Mailer dæmon icon based on icons by Aha-Soft, (Creative Commons) and David Robertson
I hold a credit card account with a financial institution which shall remain nameless, aside from the observation that their name suggests that they’re America’s national bank. Personally, I prefer credit unions, so my wife and I use the card only as a backup, in case something goes wrong with the credit union’s card.

For reasons that don’t require elaboration, that happened last month. When the bill came due, I went to visit their website. It was the first time in months, if not years, so upon logging in I encountered a web page happily offering to let me pay my bill — so long as I verified my identity first.

Very well; I understand the problem. I selected the option for a text message with a security code to my phone and waited.

And waited.

And waited.

Did I mention I was waiting? Because America’s would-be national bank seemed to have forgotten me.

This must not be that uncommon, as they had an option to request another code. I clicked on that button, again selected my phone, and waited.

And waited.

And waited.

At this point I noticed a warning on the webpage that the code is valid for only 10 minutes. It’s been a good 5 minutes already. Hmmm…

Alright, let’s try a security code via email. I selected that, and… that worked! Within moments, my email held a security code. Off I go and log in.

On the one hand, I like that resolution, because email is civilized, while telephones are barbaric.I’ll revisit this eventually, but in short: with email you can notice that someone needs your attention, triage the request against others, as well as your own urgent obligations, or even your not-so-urgent obligations, then reply at your convenience. You can silence an email client without feeling too guilty.

Telephones, by contrast, demand urgent attention, now, now, now — which woudln’t be so bad if people would use telephones for urgent matters, which they almost never do.
The situation was resolved, and the bank gave options. Very good.
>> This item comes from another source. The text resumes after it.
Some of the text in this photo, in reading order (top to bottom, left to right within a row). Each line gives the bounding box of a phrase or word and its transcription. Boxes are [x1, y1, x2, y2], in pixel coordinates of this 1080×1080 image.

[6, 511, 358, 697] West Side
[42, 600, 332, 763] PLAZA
On the other hand, email accounts are hacked pretty often, and email is an insecure medium. That’s not so great.

What happened to those text messages, anyway? I learned about 36 hours later, when one of them popped up on my phone… then again 60 hours later, when the second popped up on my phone.

“Ten minutes”, eh?

So, infotech’s solution to security failures on their end is to foist on users increasingly unreliable, highly inconvenient nuisanceware that even major financial institutions of national reach can’t implement correctly.

Should I go ahead and fill out a check to the Mailer Dæmons gang now?